BRIEF: Leave out the images and set down the records below exactly.

DATA SUPPLIED:

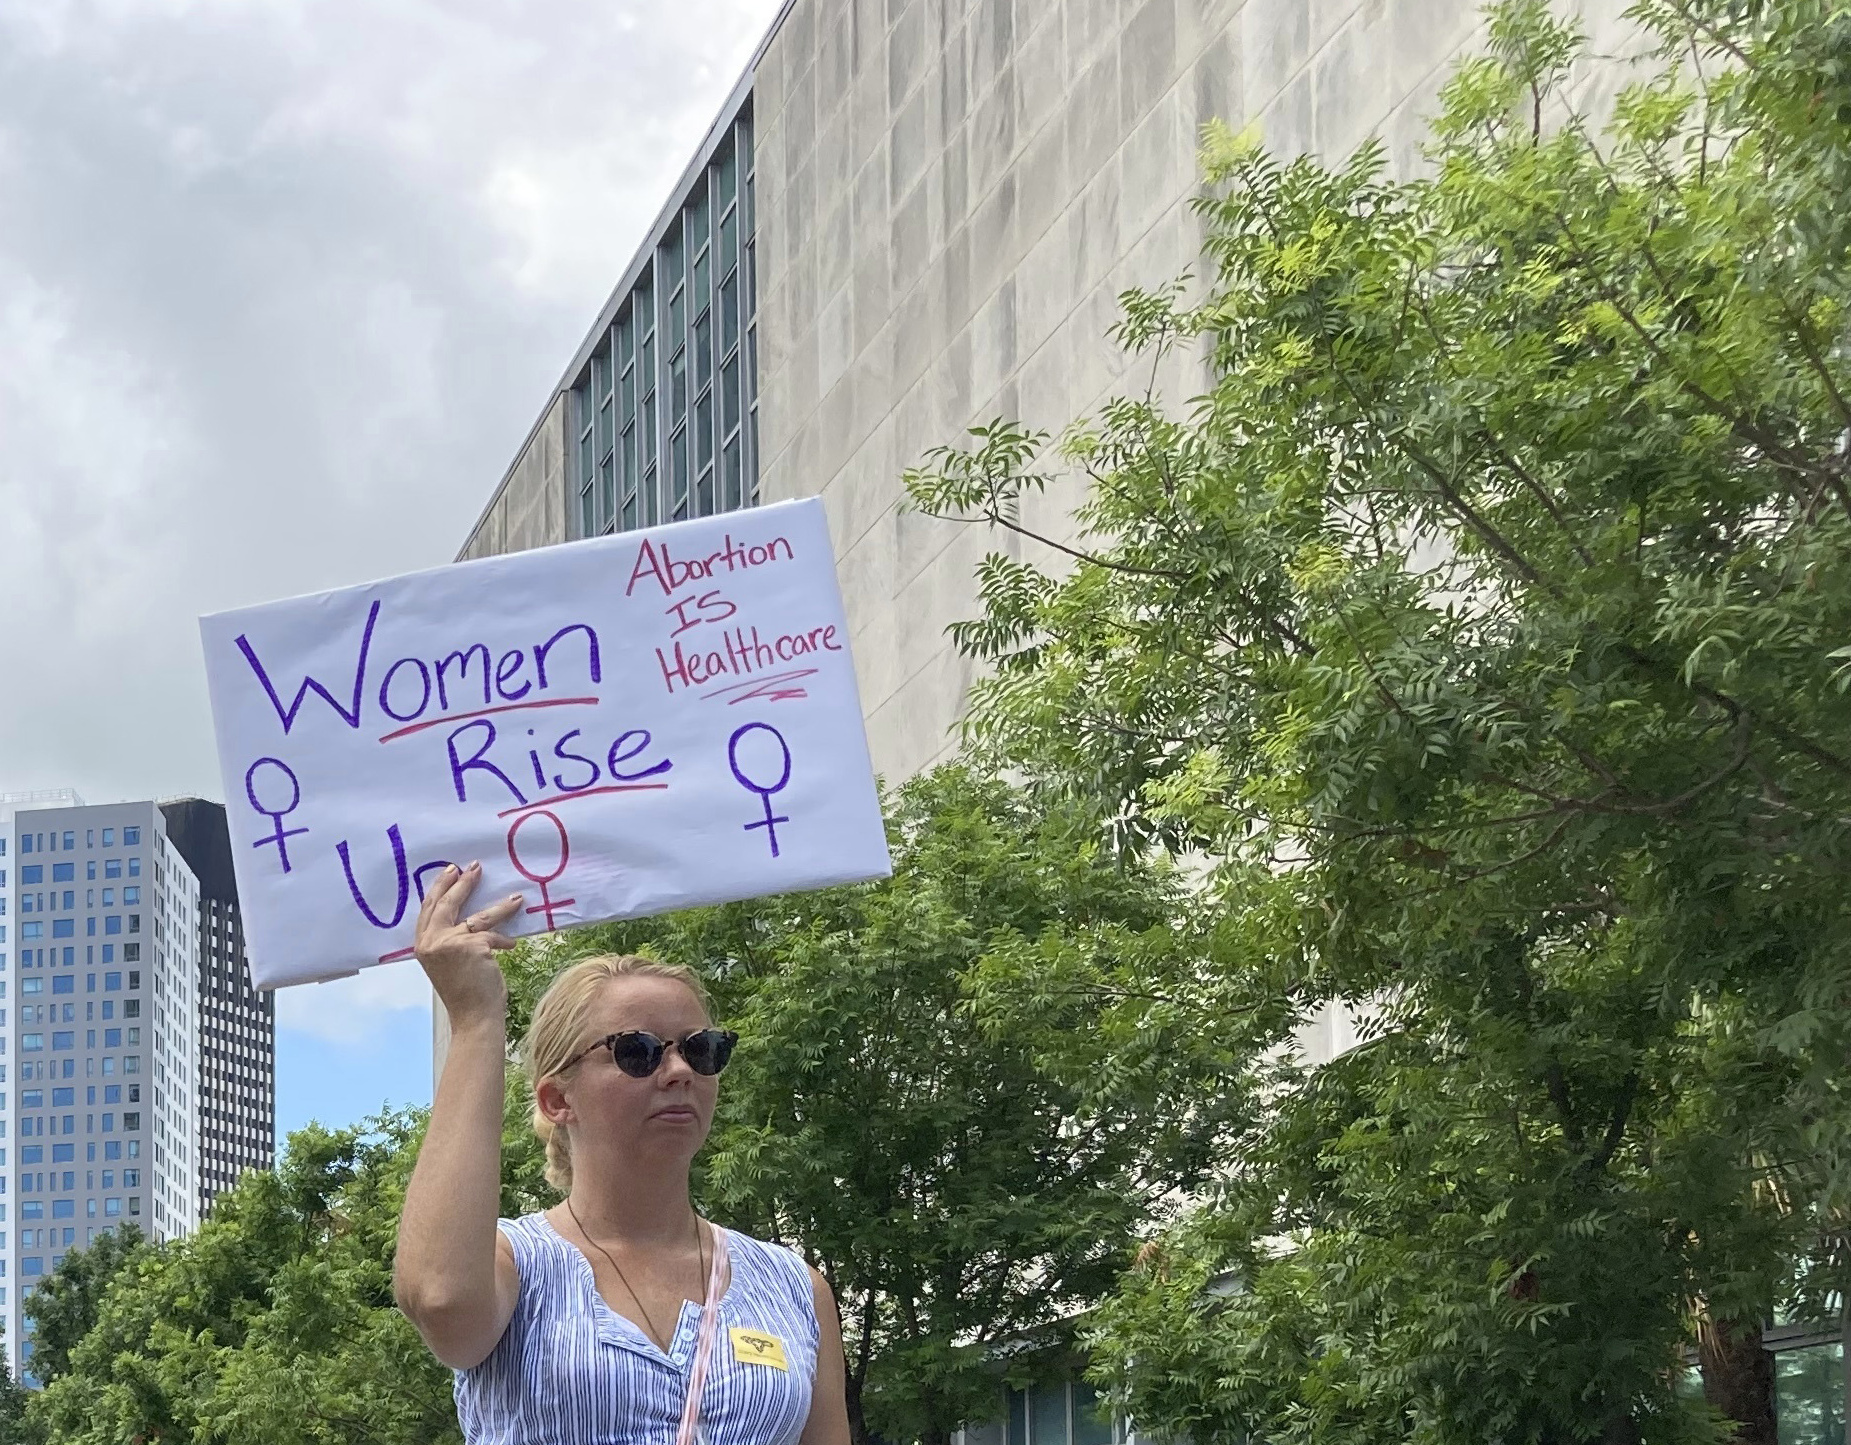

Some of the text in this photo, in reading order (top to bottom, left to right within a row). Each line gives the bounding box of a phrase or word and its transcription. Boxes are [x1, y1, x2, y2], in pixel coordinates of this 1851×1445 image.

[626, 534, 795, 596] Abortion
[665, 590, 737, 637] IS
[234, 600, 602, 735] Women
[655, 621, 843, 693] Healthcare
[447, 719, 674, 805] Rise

EXPECTED ANSWER:
Some of the text in this photo, in reading order (top to bottom, left to right within a row). Each line gives the bounding box of a phrase or word and its transcription. Boxes are [x1, y1, x2, y2], in pixel coordinates of this 1851×1445 image.

[626, 534, 795, 596] Abortion
[665, 590, 737, 637] IS
[234, 600, 602, 735] Women
[655, 621, 843, 693] Healthcare
[447, 719, 674, 805] Rise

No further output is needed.